**WHAT THE TASK ASKS:** Your answer should be the complete data, copied exactly.

____________________

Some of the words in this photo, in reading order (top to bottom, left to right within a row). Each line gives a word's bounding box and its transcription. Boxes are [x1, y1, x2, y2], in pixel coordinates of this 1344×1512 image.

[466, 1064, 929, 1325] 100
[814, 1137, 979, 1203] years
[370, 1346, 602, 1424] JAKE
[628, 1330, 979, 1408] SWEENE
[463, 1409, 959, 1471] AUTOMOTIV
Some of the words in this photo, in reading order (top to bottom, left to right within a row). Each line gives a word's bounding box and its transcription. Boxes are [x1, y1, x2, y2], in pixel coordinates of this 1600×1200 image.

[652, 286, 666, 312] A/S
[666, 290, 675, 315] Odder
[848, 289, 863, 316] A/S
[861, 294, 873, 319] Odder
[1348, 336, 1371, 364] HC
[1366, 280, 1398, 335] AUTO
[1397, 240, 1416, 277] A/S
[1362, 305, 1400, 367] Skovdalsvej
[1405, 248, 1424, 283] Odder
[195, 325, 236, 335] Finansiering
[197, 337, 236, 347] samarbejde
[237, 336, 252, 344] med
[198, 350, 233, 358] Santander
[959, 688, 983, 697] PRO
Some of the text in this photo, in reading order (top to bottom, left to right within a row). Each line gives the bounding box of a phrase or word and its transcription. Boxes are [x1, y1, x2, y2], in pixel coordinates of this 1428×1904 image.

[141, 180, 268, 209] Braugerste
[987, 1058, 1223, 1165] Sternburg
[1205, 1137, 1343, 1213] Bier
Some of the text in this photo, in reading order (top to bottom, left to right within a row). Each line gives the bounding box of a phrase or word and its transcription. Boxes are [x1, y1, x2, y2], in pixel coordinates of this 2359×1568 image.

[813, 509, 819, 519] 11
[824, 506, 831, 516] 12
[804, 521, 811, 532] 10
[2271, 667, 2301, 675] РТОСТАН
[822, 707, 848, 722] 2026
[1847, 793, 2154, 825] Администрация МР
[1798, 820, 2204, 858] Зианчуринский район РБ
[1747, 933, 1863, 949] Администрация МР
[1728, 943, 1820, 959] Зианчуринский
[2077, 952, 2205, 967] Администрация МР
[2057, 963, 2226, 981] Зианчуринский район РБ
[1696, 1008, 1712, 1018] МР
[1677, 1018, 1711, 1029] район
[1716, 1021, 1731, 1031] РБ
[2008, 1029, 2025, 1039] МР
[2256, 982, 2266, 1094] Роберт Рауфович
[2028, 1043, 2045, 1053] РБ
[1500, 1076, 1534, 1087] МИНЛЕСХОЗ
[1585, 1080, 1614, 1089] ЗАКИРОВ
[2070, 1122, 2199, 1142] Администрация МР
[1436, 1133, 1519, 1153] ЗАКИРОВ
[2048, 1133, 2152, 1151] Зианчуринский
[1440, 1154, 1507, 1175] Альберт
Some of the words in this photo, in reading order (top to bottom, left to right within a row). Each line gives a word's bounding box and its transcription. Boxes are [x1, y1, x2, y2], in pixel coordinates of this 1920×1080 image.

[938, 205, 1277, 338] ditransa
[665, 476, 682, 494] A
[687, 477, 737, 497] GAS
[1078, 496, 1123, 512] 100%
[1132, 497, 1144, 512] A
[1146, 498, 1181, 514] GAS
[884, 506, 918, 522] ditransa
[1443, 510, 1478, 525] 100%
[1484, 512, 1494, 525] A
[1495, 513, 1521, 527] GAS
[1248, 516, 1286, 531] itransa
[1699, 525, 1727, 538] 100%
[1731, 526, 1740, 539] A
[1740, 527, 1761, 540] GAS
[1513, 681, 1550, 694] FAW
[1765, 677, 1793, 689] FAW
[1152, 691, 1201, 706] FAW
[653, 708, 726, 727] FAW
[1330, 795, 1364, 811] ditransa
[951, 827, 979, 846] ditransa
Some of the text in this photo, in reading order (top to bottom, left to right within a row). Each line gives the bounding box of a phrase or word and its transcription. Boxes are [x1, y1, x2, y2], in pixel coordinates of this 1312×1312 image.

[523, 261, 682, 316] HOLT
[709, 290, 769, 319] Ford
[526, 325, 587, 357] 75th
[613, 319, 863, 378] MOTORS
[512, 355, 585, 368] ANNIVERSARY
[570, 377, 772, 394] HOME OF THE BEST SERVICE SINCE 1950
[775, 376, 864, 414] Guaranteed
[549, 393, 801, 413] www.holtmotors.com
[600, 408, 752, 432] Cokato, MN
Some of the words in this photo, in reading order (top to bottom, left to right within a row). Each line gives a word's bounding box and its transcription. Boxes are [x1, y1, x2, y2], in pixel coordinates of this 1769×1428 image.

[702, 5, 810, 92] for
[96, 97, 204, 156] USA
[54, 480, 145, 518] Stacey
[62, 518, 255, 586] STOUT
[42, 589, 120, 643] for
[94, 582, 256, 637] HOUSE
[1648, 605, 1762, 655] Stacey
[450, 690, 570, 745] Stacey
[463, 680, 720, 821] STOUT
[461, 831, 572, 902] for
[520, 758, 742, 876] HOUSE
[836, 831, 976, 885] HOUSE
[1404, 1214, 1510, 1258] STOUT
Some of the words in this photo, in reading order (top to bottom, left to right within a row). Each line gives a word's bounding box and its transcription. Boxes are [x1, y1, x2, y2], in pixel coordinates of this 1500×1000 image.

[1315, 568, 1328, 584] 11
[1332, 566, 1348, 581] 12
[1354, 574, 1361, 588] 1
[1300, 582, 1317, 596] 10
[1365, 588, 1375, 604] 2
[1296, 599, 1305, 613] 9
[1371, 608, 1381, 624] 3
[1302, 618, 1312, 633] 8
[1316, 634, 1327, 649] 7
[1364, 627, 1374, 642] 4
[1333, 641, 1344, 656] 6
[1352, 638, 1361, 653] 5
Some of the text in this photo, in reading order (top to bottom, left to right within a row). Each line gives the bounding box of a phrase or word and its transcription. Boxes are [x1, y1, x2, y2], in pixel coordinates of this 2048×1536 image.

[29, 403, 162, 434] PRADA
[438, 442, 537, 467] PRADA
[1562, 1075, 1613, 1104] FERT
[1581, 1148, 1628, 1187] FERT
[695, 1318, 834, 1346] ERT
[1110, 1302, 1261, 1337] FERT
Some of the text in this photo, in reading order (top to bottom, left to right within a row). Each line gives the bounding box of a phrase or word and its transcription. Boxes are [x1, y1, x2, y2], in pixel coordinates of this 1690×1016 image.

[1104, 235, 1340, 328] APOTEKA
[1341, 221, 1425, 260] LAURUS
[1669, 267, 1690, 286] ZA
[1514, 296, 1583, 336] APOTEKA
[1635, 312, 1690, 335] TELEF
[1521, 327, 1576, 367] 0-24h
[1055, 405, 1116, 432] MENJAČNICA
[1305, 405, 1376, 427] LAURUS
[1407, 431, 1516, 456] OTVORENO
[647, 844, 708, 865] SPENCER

____________________

**TASK RESPONSE:**
Some of the words in this photo, in reading order (top to bottom, left to right within a row). Each line gives a word's bounding box and its transcription. Boxes are [x1, y1, x2, y2], in pixel coordinates of this 1344×1512 image.

[466, 1064, 929, 1325] 100
[814, 1137, 979, 1203] years
[370, 1346, 602, 1424] JAKE
[628, 1330, 979, 1408] SWEENE
[463, 1409, 959, 1471] AUTOMOTIV
Some of the words in this photo, in reading order (top to bottom, left to right within a row). Each line gives a word's bounding box and its transcription. Boxes are [x1, y1, x2, y2], in pixel coordinates of this 1600×1200 image.

[652, 286, 666, 312] A/S
[666, 290, 675, 315] Odder
[848, 289, 863, 316] A/S
[861, 294, 873, 319] Odder
[1348, 336, 1371, 364] HC
[1366, 280, 1398, 335] AUTO
[1397, 240, 1416, 277] A/S
[1362, 305, 1400, 367] Skovdalsvej
[1405, 248, 1424, 283] Odder
[195, 325, 236, 335] Finansiering
[197, 337, 236, 347] samarbejde
[237, 336, 252, 344] med
[198, 350, 233, 358] Santander
[959, 688, 983, 697] PRO
Some of the text in this photo, in reading order (top to bottom, left to right within a row). Each line gives the bounding box of a phrase or word and its transcription. Boxes are [x1, y1, x2, y2], in pixel coordinates of this 1428×1904 image.

[141, 180, 268, 209] Braugerste
[987, 1058, 1223, 1165] Sternburg
[1205, 1137, 1343, 1213] Bier
Some of the text in this photo, in reading order (top to bottom, left to right within a row). Each line gives the bounding box of a phrase or word and its transcription. Boxes are [x1, y1, x2, y2], in pixel coordinates of this 2359×1568 image.

[813, 509, 819, 519] 11
[824, 506, 831, 516] 12
[804, 521, 811, 532] 10
[2271, 667, 2301, 675] РТОСТАН
[822, 707, 848, 722] 2026
[1847, 793, 2154, 825] Администрация МР
[1798, 820, 2204, 858] Зианчуринский район РБ
[1747, 933, 1863, 949] Администрация МР
[1728, 943, 1820, 959] Зианчуринский
[2077, 952, 2205, 967] Администрация МР
[2057, 963, 2226, 981] Зианчуринский район РБ
[1696, 1008, 1712, 1018] МР
[1677, 1018, 1711, 1029] район
[1716, 1021, 1731, 1031] РБ
[2008, 1029, 2025, 1039] МР
[2256, 982, 2266, 1094] Роберт Рауфович
[2028, 1043, 2045, 1053] РБ
[1500, 1076, 1534, 1087] МИНЛЕСХОЗ
[1585, 1080, 1614, 1089] ЗАКИРОВ
[2070, 1122, 2199, 1142] Администрация МР
[1436, 1133, 1519, 1153] ЗАКИРОВ
[2048, 1133, 2152, 1151] Зианчуринский
[1440, 1154, 1507, 1175] Альберт
Some of the words in this photo, in reading order (top to bottom, left to right within a row). Each line gives a word's bounding box and its transcription. Boxes are [x1, y1, x2, y2], in pixel coordinates of this 1920×1080 image.

[938, 205, 1277, 338] ditransa
[665, 476, 682, 494] A
[687, 477, 737, 497] GAS
[1078, 496, 1123, 512] 100%
[1132, 497, 1144, 512] A
[1146, 498, 1181, 514] GAS
[884, 506, 918, 522] ditransa
[1443, 510, 1478, 525] 100%
[1484, 512, 1494, 525] A
[1495, 513, 1521, 527] GAS
[1248, 516, 1286, 531] itransa
[1699, 525, 1727, 538] 100%
[1731, 526, 1740, 539] A
[1740, 527, 1761, 540] GAS
[1513, 681, 1550, 694] FAW
[1765, 677, 1793, 689] FAW
[1152, 691, 1201, 706] FAW
[653, 708, 726, 727] FAW
[1330, 795, 1364, 811] ditransa
[951, 827, 979, 846] ditransa
Some of the text in this photo, in reading order (top to bottom, left to right within a row). Each line gives the bounding box of a phrase or word and its transcription. Boxes are [x1, y1, x2, y2], in pixel coordinates of this 1312×1312 image.

[523, 261, 682, 316] HOLT
[709, 290, 769, 319] Ford
[526, 325, 587, 357] 75th
[613, 319, 863, 378] MOTORS
[512, 355, 585, 368] ANNIVERSARY
[570, 377, 772, 394] HOME OF THE BEST SERVICE SINCE 1950
[775, 376, 864, 414] Guaranteed
[549, 393, 801, 413] www.holtmotors.com
[600, 408, 752, 432] Cokato, MN
Some of the words in this photo, in reading order (top to bottom, left to right within a row). Each line gives a word's bounding box and its transcription. Boxes are [x1, y1, x2, y2], in pixel coordinates of this 1769×1428 image.

[702, 5, 810, 92] for
[96, 97, 204, 156] USA
[54, 480, 145, 518] Stacey
[62, 518, 255, 586] STOUT
[42, 589, 120, 643] for
[94, 582, 256, 637] HOUSE
[1648, 605, 1762, 655] Stacey
[450, 690, 570, 745] Stacey
[463, 680, 720, 821] STOUT
[461, 831, 572, 902] for
[520, 758, 742, 876] HOUSE
[836, 831, 976, 885] HOUSE
[1404, 1214, 1510, 1258] STOUT
Some of the words in this photo, in reading order (top to bottom, left to right within a row). Each line gives a word's bounding box and its transcription. Boxes are [x1, y1, x2, y2], in pixel coordinates of this 1500×1000 image.

[1315, 568, 1328, 584] 11
[1332, 566, 1348, 581] 12
[1354, 574, 1361, 588] 1
[1300, 582, 1317, 596] 10
[1365, 588, 1375, 604] 2
[1296, 599, 1305, 613] 9
[1371, 608, 1381, 624] 3
[1302, 618, 1312, 633] 8
[1316, 634, 1327, 649] 7
[1364, 627, 1374, 642] 4
[1333, 641, 1344, 656] 6
[1352, 638, 1361, 653] 5
Some of the text in this photo, in reading order (top to bottom, left to right within a row). Each line gives the bounding box of a phrase or word and its transcription. Boxes are [x1, y1, x2, y2], in pixel coordinates of this 2048×1536 image.

[29, 403, 162, 434] PRADA
[438, 442, 537, 467] PRADA
[1562, 1075, 1613, 1104] FERT
[1581, 1148, 1628, 1187] FERT
[695, 1318, 834, 1346] ERT
[1110, 1302, 1261, 1337] FERT
Some of the text in this photo, in reading order (top to bottom, left to right within a row). Each line gives the bounding box of a phrase or word and its transcription. Boxes are [x1, y1, x2, y2], in pixel coordinates of this 1690×1016 image.

[1104, 235, 1340, 328] APOTEKA
[1341, 221, 1425, 260] LAURUS
[1669, 267, 1690, 286] ZA
[1514, 296, 1583, 336] APOTEKA
[1635, 312, 1690, 335] TELEF
[1521, 327, 1576, 367] 0-24h
[1055, 405, 1116, 432] MENJAČNICA
[1305, 405, 1376, 427] LAURUS
[1407, 431, 1516, 456] OTVORENO
[647, 844, 708, 865] SPENCER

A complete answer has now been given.